ASSIGNMENT: When you repeat the entries, reproduce each line exactly and omit every picture.

Stored records
—————
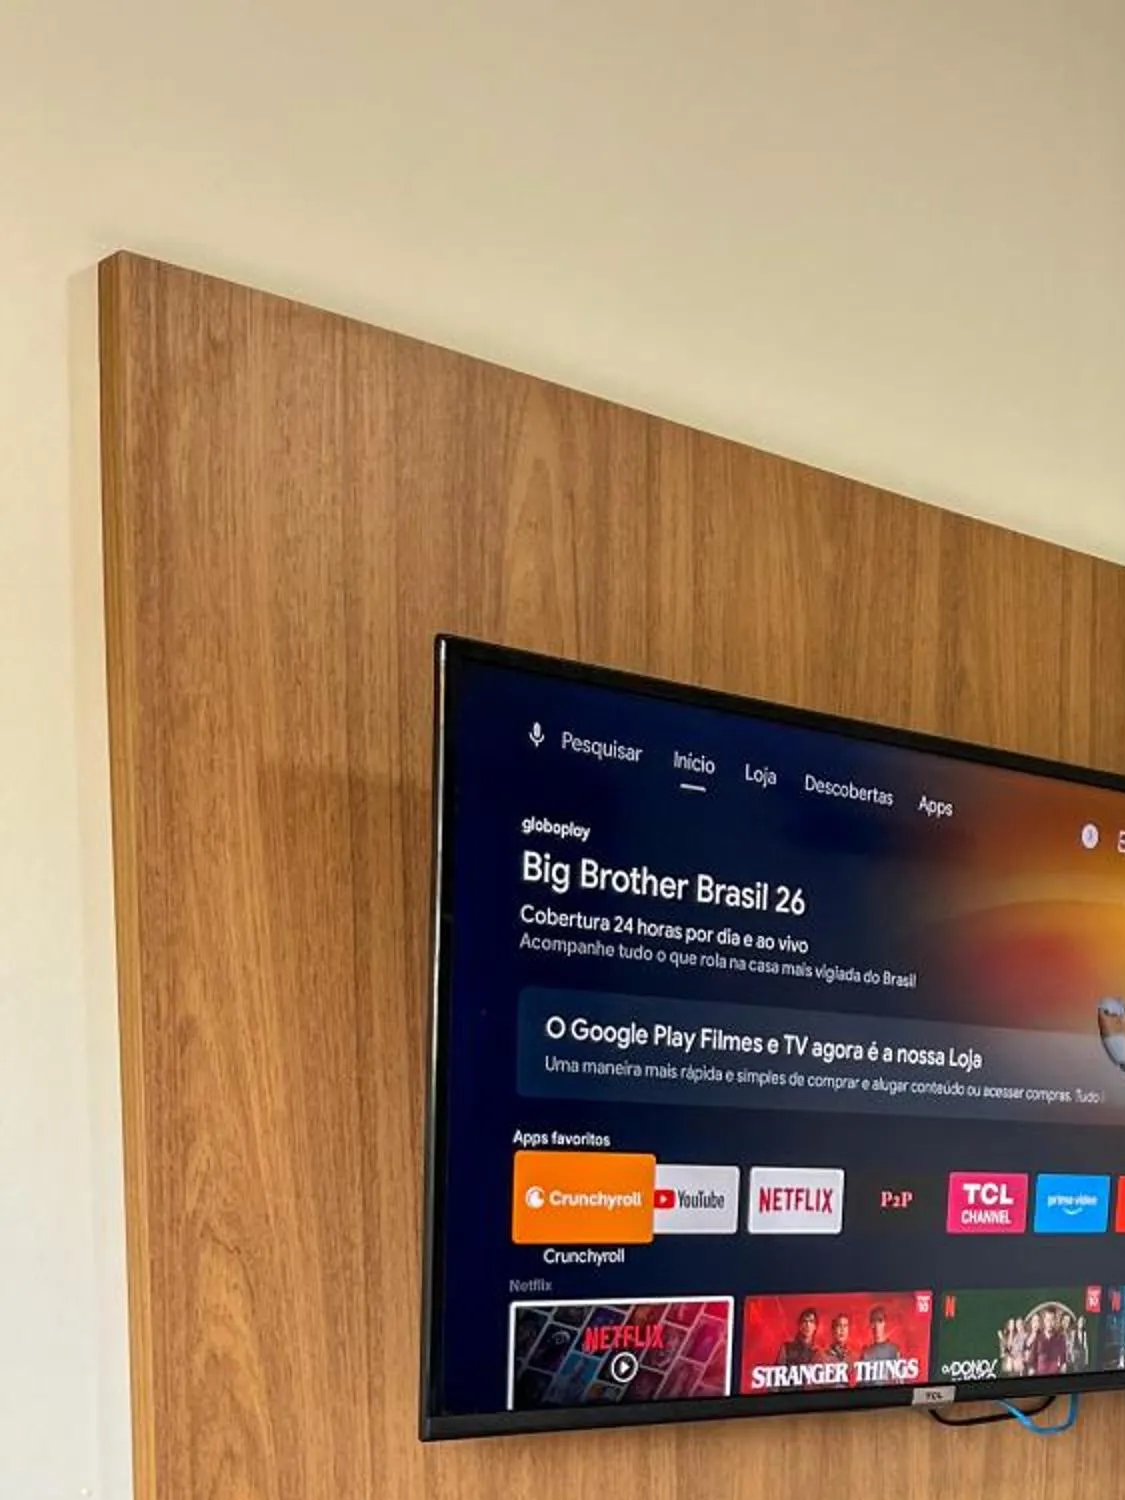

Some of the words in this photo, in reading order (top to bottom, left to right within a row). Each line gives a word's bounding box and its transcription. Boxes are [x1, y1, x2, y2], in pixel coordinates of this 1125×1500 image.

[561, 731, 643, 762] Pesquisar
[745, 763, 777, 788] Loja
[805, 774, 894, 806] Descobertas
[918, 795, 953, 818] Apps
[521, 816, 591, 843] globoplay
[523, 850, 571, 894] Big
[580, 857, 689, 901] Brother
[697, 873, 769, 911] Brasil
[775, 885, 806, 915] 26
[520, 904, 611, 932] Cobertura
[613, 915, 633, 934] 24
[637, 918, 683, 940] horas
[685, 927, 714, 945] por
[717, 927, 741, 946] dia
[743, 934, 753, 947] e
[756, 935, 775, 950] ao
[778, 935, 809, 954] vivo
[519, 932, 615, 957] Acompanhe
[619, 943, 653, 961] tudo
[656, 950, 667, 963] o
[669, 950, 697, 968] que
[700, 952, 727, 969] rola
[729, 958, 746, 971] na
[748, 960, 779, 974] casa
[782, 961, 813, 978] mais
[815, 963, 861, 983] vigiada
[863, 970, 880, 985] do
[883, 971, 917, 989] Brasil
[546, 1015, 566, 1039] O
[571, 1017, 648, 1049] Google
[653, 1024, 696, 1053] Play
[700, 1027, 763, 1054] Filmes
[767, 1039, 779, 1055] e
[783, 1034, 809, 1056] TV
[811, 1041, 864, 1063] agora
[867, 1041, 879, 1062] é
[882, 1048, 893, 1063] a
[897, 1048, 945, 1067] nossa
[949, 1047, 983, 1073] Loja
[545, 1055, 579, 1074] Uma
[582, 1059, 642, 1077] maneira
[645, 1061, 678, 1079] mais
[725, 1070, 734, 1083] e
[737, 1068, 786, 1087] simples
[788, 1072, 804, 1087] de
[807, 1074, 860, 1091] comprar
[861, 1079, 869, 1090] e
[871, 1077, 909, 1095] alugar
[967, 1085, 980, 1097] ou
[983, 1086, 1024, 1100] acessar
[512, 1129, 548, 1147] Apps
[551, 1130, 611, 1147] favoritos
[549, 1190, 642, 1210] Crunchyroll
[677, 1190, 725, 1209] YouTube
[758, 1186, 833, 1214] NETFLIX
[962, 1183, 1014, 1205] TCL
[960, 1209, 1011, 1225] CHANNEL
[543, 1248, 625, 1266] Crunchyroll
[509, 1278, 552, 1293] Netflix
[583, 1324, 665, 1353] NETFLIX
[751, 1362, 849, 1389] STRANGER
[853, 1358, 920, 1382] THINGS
—————
EXERCISE OUTPUT:
Some of the words in this photo, in reading order (top to bottom, left to right within a row). Each line gives a word's bounding box and its transcription. Boxes are [x1, y1, x2, y2], in pixel coordinates of this 1125×1500 image.

[561, 731, 643, 762] Pesquisar
[745, 763, 777, 788] Loja
[805, 774, 894, 806] Descobertas
[918, 795, 953, 818] Apps
[521, 816, 591, 843] globoplay
[523, 850, 571, 894] Big
[580, 857, 689, 901] Brother
[697, 873, 769, 911] Brasil
[775, 885, 806, 915] 26
[520, 904, 611, 932] Cobertura
[613, 915, 633, 934] 24
[637, 918, 683, 940] horas
[685, 927, 714, 945] por
[717, 927, 741, 946] dia
[743, 934, 753, 947] e
[756, 935, 775, 950] ao
[778, 935, 809, 954] vivo
[519, 932, 615, 957] Acompanhe
[619, 943, 653, 961] tudo
[656, 950, 667, 963] o
[669, 950, 697, 968] que
[700, 952, 727, 969] rola
[729, 958, 746, 971] na
[748, 960, 779, 974] casa
[782, 961, 813, 978] mais
[815, 963, 861, 983] vigiada
[863, 970, 880, 985] do
[883, 971, 917, 989] Brasil
[546, 1015, 566, 1039] O
[571, 1017, 648, 1049] Google
[653, 1024, 696, 1053] Play
[700, 1027, 763, 1054] Filmes
[767, 1039, 779, 1055] e
[783, 1034, 809, 1056] TV
[811, 1041, 864, 1063] agora
[867, 1041, 879, 1062] é
[882, 1048, 893, 1063] a
[897, 1048, 945, 1067] nossa
[949, 1047, 983, 1073] Loja
[545, 1055, 579, 1074] Uma
[582, 1059, 642, 1077] maneira
[645, 1061, 678, 1079] mais
[725, 1070, 734, 1083] e
[737, 1068, 786, 1087] simples
[788, 1072, 804, 1087] de
[807, 1074, 860, 1091] comprar
[861, 1079, 869, 1090] e
[871, 1077, 909, 1095] alugar
[967, 1085, 980, 1097] ou
[983, 1086, 1024, 1100] acessar
[512, 1129, 548, 1147] Apps
[551, 1130, 611, 1147] favoritos
[549, 1190, 642, 1210] Crunchyroll
[677, 1190, 725, 1209] YouTube
[758, 1186, 833, 1214] NETFLIX
[962, 1183, 1014, 1205] TCL
[960, 1209, 1011, 1225] CHANNEL
[543, 1248, 625, 1266] Crunchyroll
[509, 1278, 552, 1293] Netflix
[583, 1324, 665, 1353] NETFLIX
[751, 1362, 849, 1389] STRANGER
[853, 1358, 920, 1382] THINGS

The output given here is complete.